Sarah* works in middle management with a national company. Charlie took early retirement to stay at home when it became apparent that they'd have to raise their daughter Abby's child, because Abby and her husband refuse to take responsibility for their own lives, much less that of their child.
Sarah and Charlie face an increasingly common circumstance. Four and a half million caregivers are raising more than seven million children in the United States today. Most of these are grandparents raising their children's children. Others are family members caring for a relative's child. While some of these cases arise because of the death, mental illness, or incarceration of one or both parents, 80 percent or more are because of the drug and alcohol addictions of the children's parents.

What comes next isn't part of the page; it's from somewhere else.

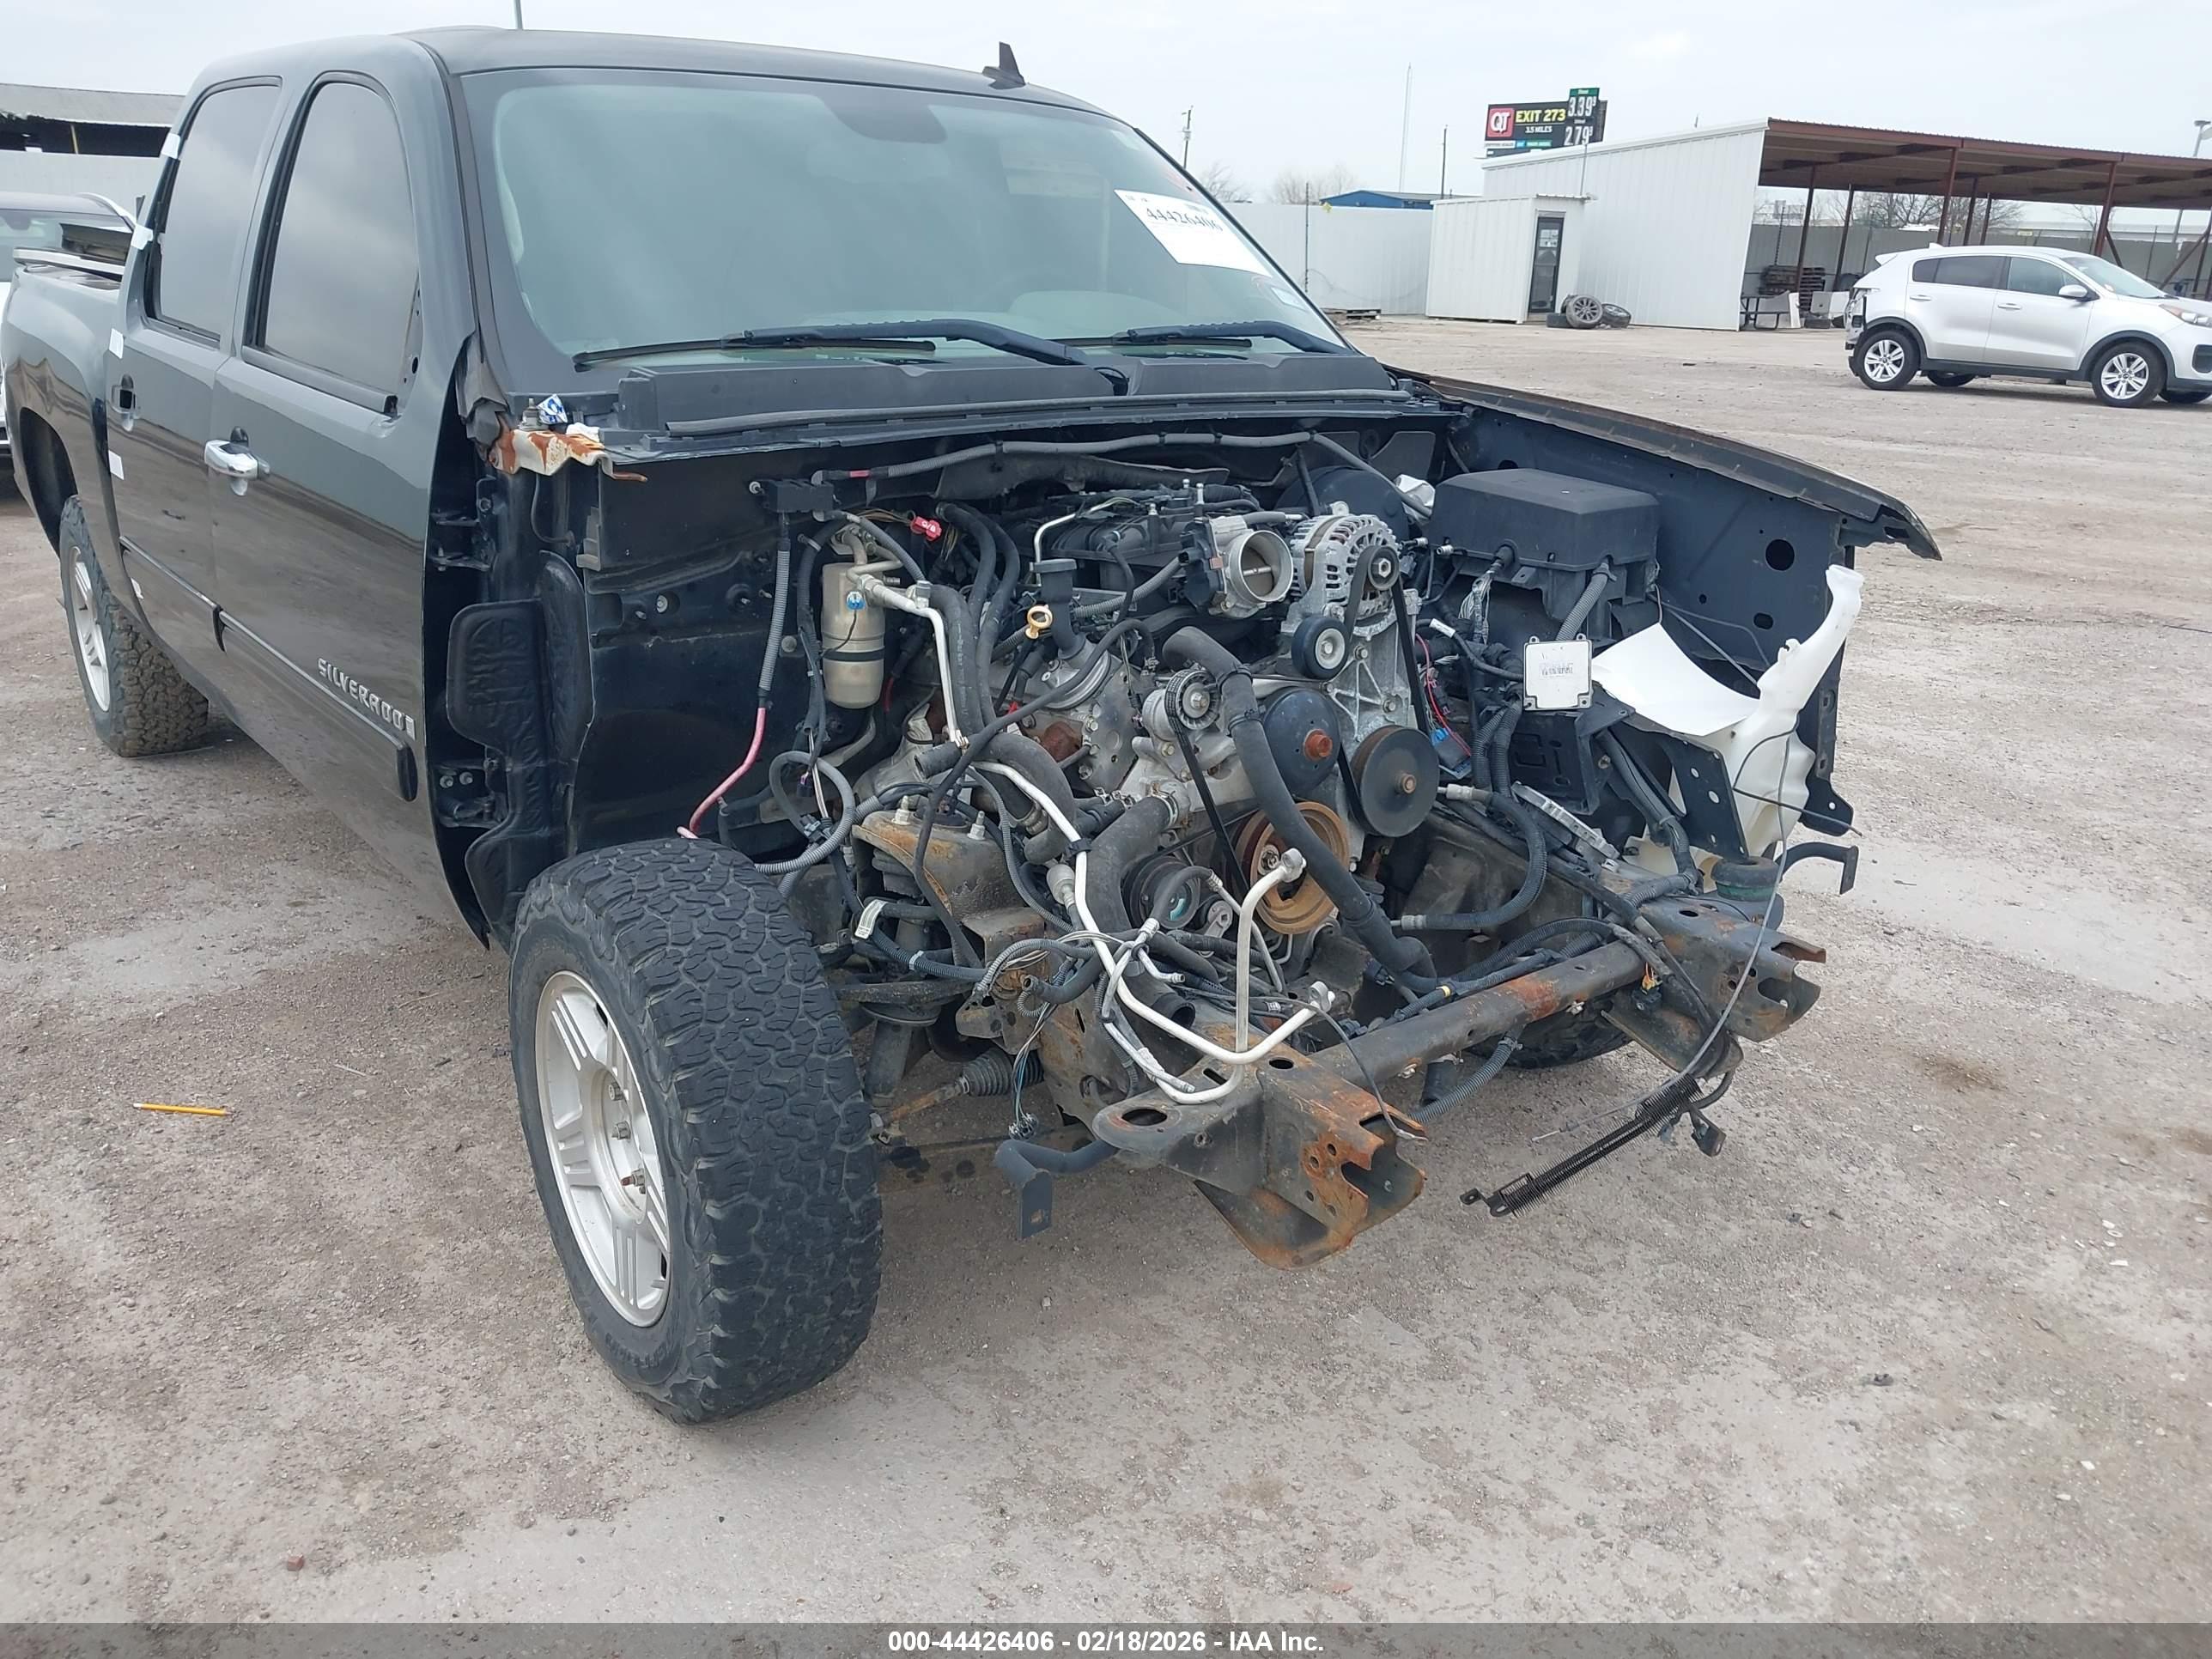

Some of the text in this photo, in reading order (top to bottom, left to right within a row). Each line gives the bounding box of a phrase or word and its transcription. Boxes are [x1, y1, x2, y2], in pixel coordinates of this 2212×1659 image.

"People are less than honest if they say something like this doesn't affect their marriage," says Pat Owens, who with her husband, is raising a grandson and is co-founder of GrandFamilies of America (www.grandfamiliesofamerica.org). This organization provides grandparents and other kinship caregivers with tools for navigating the complex government systems they meet in attempting to help relative children.
Decide Whose Problem It Is
Grandparents raising grandkids are destined to make a painful discovery. You cannot fix other people's problems, even if the person who is failing is your own much-loved child.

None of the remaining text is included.